Ali Mamlouk, wanted for involvement in the murder of Lebanese PM Hariri, said to be critically ill amid conflicting reports about his ailment
The 2005 assassination of Lebanese Prime Minister Rafik Hariri sent shockwaves through the region (AFP)
Par MEE staff

Syria’s national security chief is reportedly fighting for his life in a Damascus hospital under mysterious circumstances, after the deaths of a string of senior Syrian intelligence officials.

Kuwait’s Al-Siyasah newspaper suggests that Lt Gen Ali Mamlouk has been poisoned with cyanide while Al-Aan satellite TV reports that Mamlouk is receiving treatment for leukaemia.

Al-Aan, however, also cited sources that said the 69-year-old is under house arrest after the Syrian government learned of a phone call between him and Turkish intelligence officials shortly before Syrian political intelligence chief Rustom Ghazali’s death on 24 April.

Mamlouk would be the fourth Syrian intelligence official, suspected of being involved in former Lebanese Prime Minister Rafiq Hariri’s 2005 assassination, to die under mysterious circumstances.

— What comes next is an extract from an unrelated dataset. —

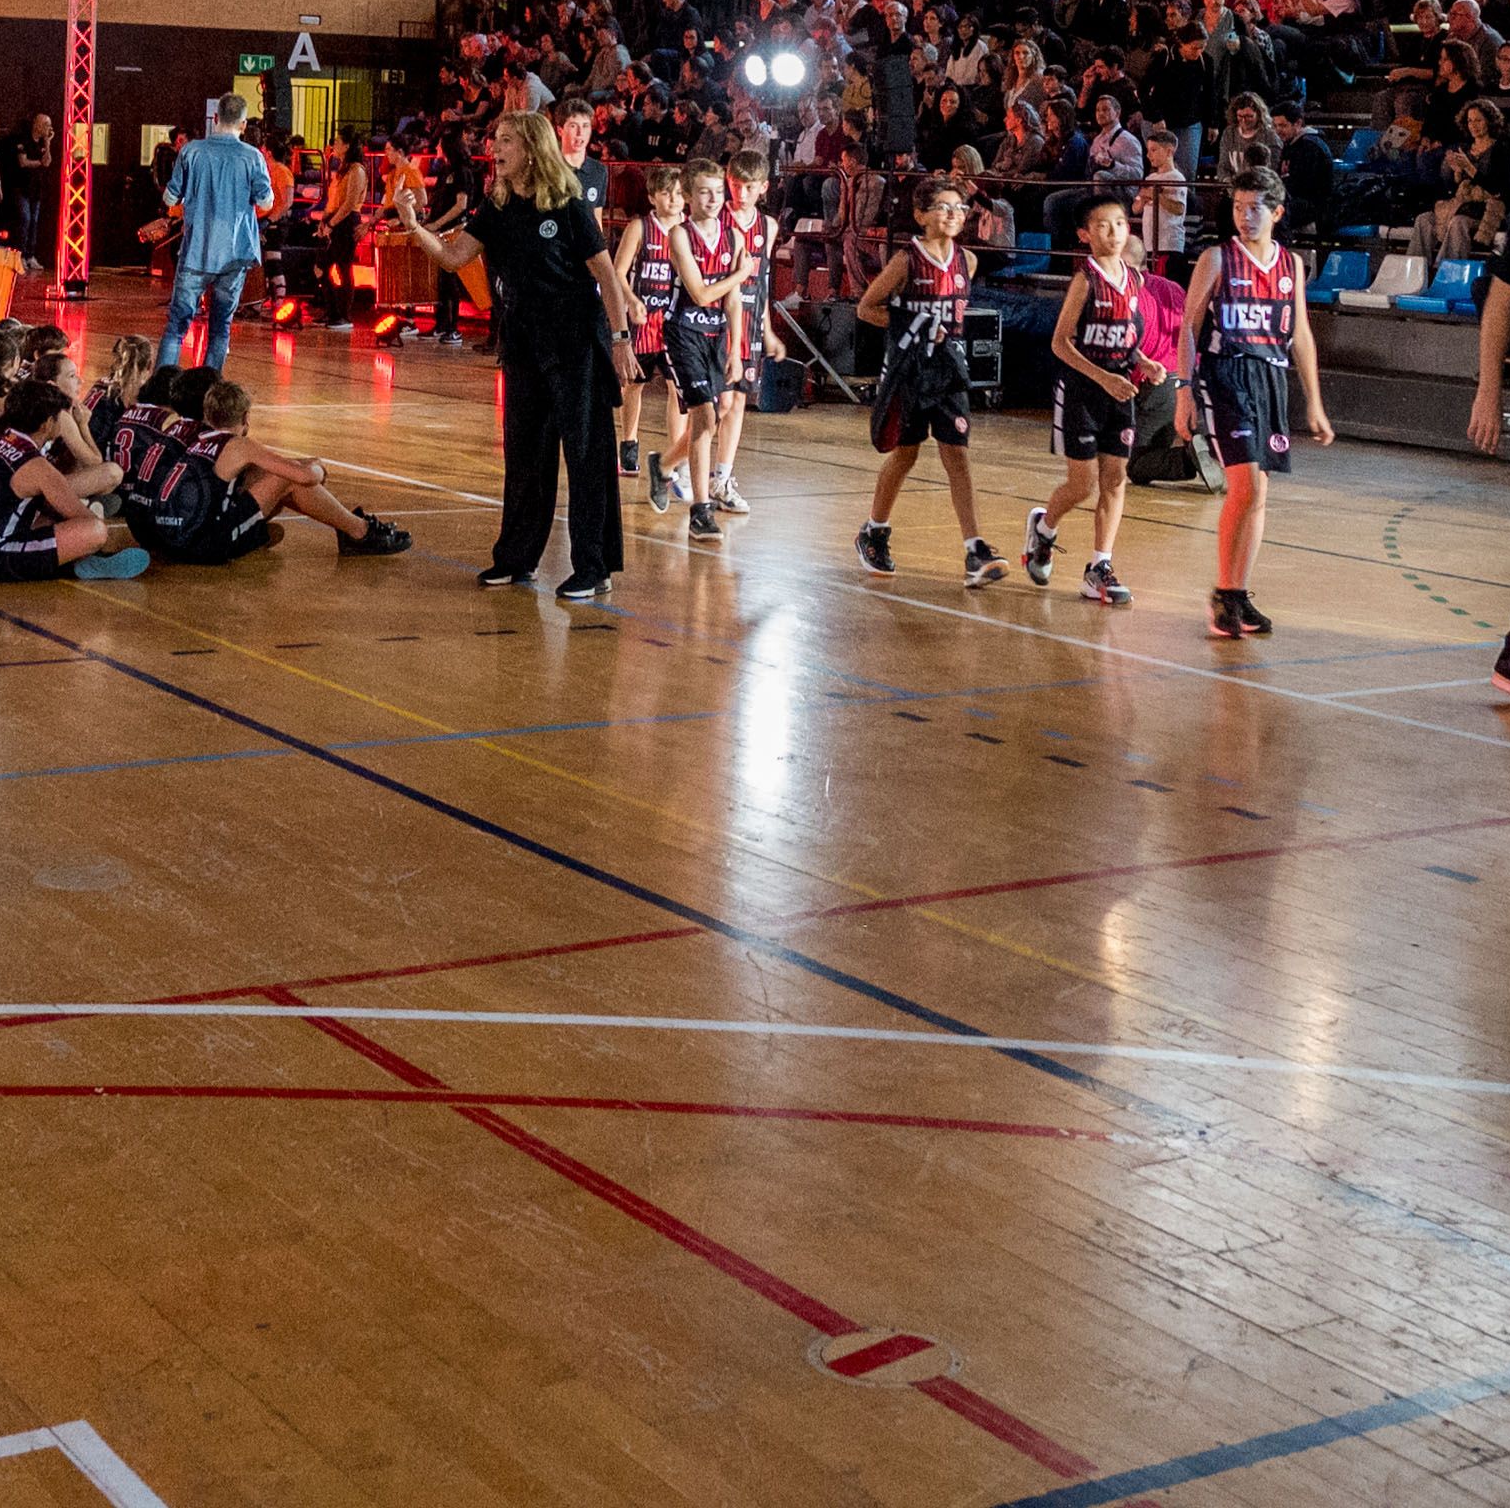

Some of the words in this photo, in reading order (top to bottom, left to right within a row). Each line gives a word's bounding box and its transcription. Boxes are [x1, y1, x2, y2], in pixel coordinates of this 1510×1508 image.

After giving an unprecedented radio interview on 12 October 2005 about the assassination and denying his involvement, Ghazi Kanaan, Syria’s interior minister from 2004 to 2005 and head of Syria’s security network in Lebanon, reportedly shot himself in the head in his Damascus office.

In October 2013, news stories emerged that General Jameh Jameh, 59, a Syrian colonel in charge of the Syrian intelligence branch in Beirut at the time of the assassination, was shot dead by Syrian rebel fighters near his home in Deir Ezzor.

Then, on 24 April 2014, Syria’s former political intelligence chief, Rustom Ghazaleh, also thought to be involved in Hariri’s assassination, died in a Damascus hospital.

Ghazaleh’s death came just weeks after Syrian President Bashar al-Assad fired him and General Rafiq Shehadeh, head of military intelligence, after they quarrelled and Shehadeh and his associates apparently beat Ghazaleh up, according to a report in Lebanon’s Daily Star.

Ghazaleh had been seeking greater involvement in the battle against rebels in the southern province of Daraa, where he was born, AFP reported.

But Shehadeh "was categorically opposed to him taking part in the battle" in the area by regime forces backed by Lebanon's Shiite Hezbollah movement, a source told AFP.

At the time of his death Ghazaleh, 61, had been clinically dead in the hospital for several weeks following a severe head injury after the fight, Syrian Observatory for Human Rights Director Rami Abdul Rahman told the Associated Press.

A Kuwaiti newspaper is alleging that Mamlouk, now reportedly on his death bed, injected Ghazaleh with cyanide last week and killed him after the failure of a previous assassination attempt.